**What you are asked to do**: The reply should be the records repeated exactly, without any images.

**Material shown**:
---

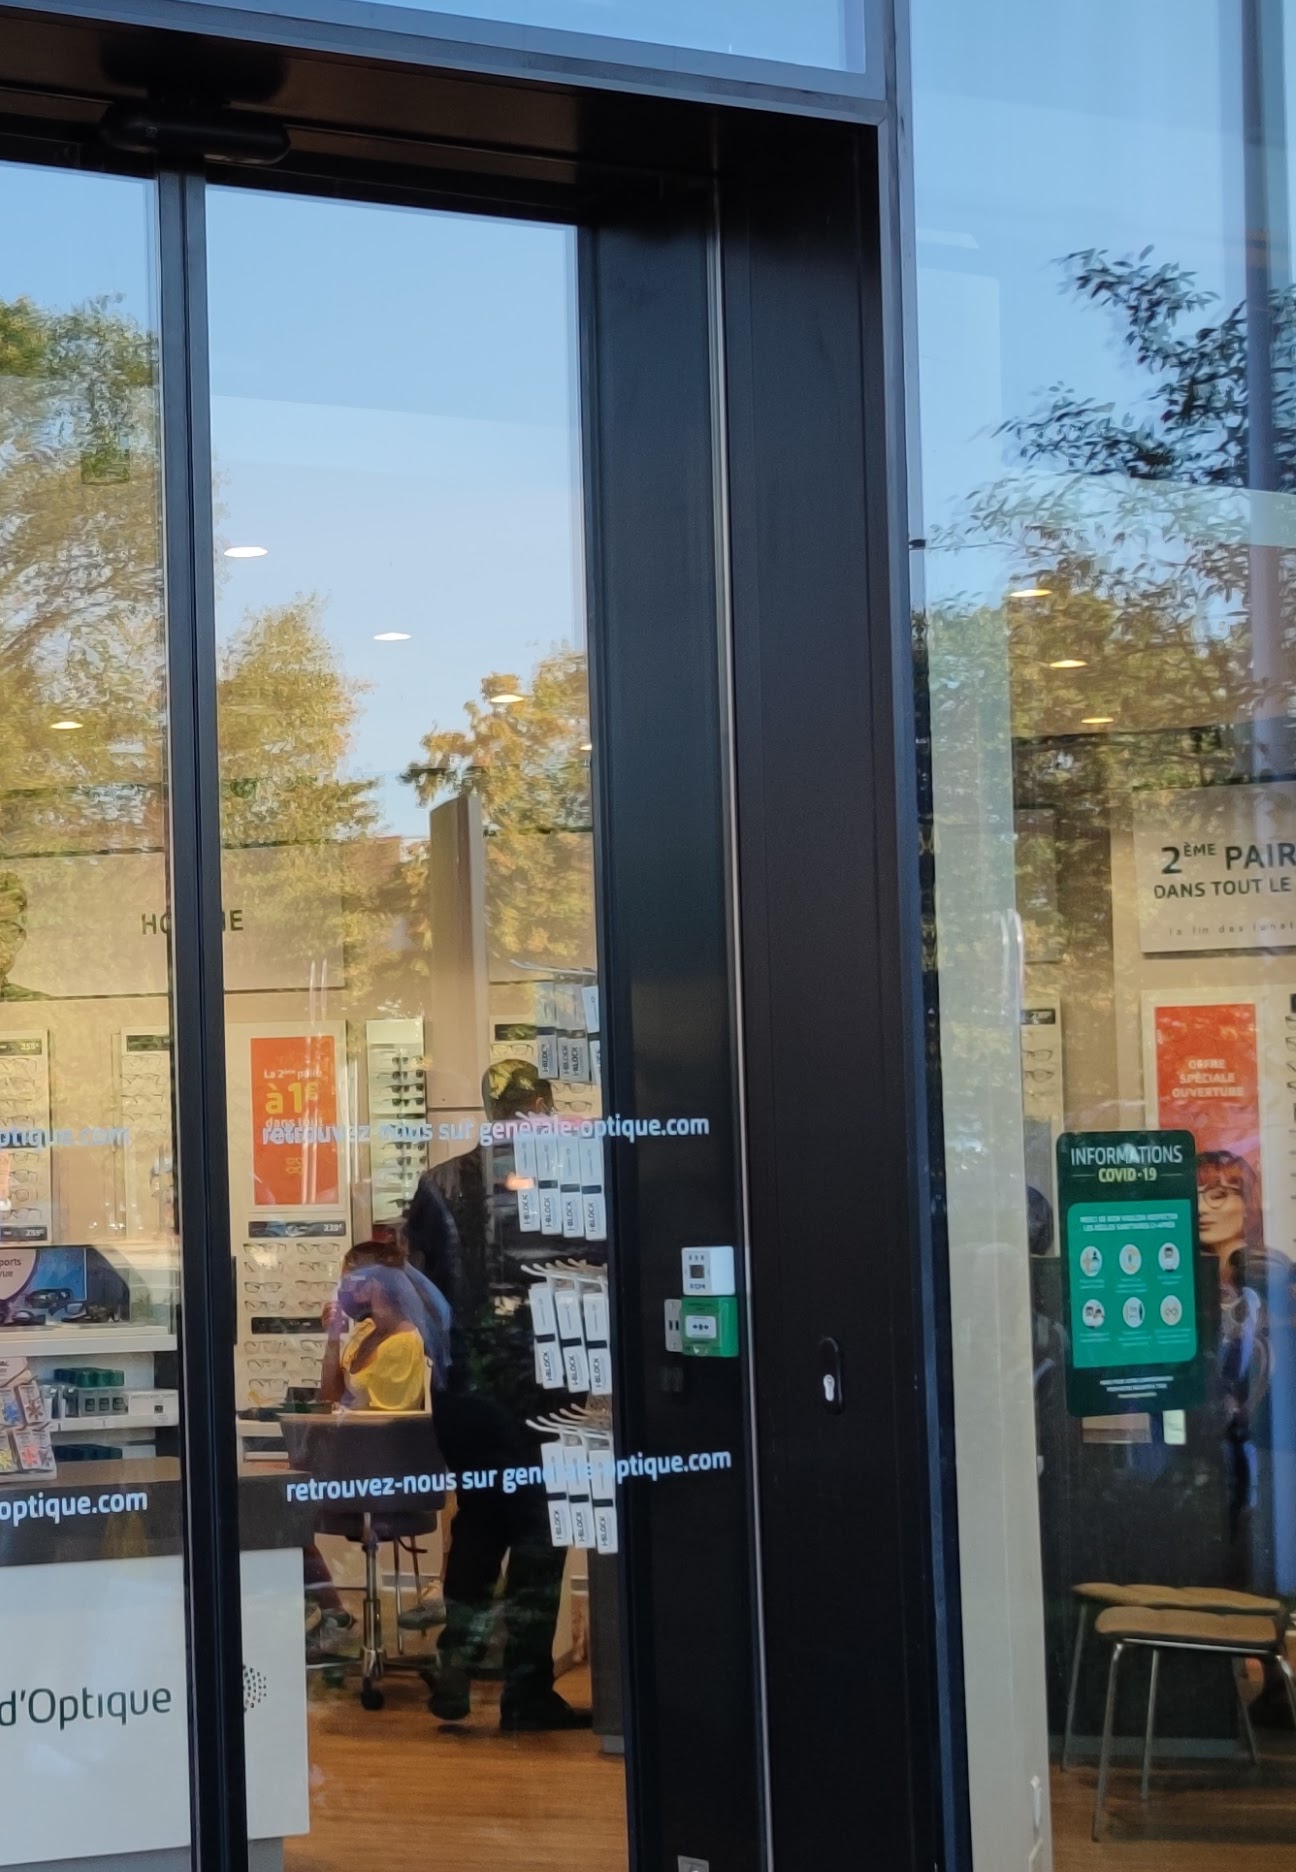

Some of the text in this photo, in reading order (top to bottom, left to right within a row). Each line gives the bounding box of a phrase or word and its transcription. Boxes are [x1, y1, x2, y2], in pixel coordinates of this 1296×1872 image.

[1154, 876, 1292, 899] DANS TOUT LE
[1171, 1086, 1246, 1098] OUVERTURE
[438, 1120, 475, 1141] sur
[479, 1113, 710, 1147] generale-optique.com
[1070, 1145, 1184, 1166] INFORMATIONS
[286, 1471, 457, 1502] retrouvez-nous
[461, 1468, 499, 1490] sur

---

**Response box**:
Some of the text in this photo, in reading order (top to bottom, left to right within a row). Each line gives the bounding box of a phrase or word and its transcription. Boxes are [x1, y1, x2, y2], in pixel coordinates of this 1296×1872 image.

[1154, 876, 1292, 899] DANS TOUT LE
[1171, 1086, 1246, 1098] OUVERTURE
[438, 1120, 475, 1141] sur
[479, 1113, 710, 1147] generale-optique.com
[1070, 1145, 1184, 1166] INFORMATIONS
[286, 1471, 457, 1502] retrouvez-nous
[461, 1468, 499, 1490] sur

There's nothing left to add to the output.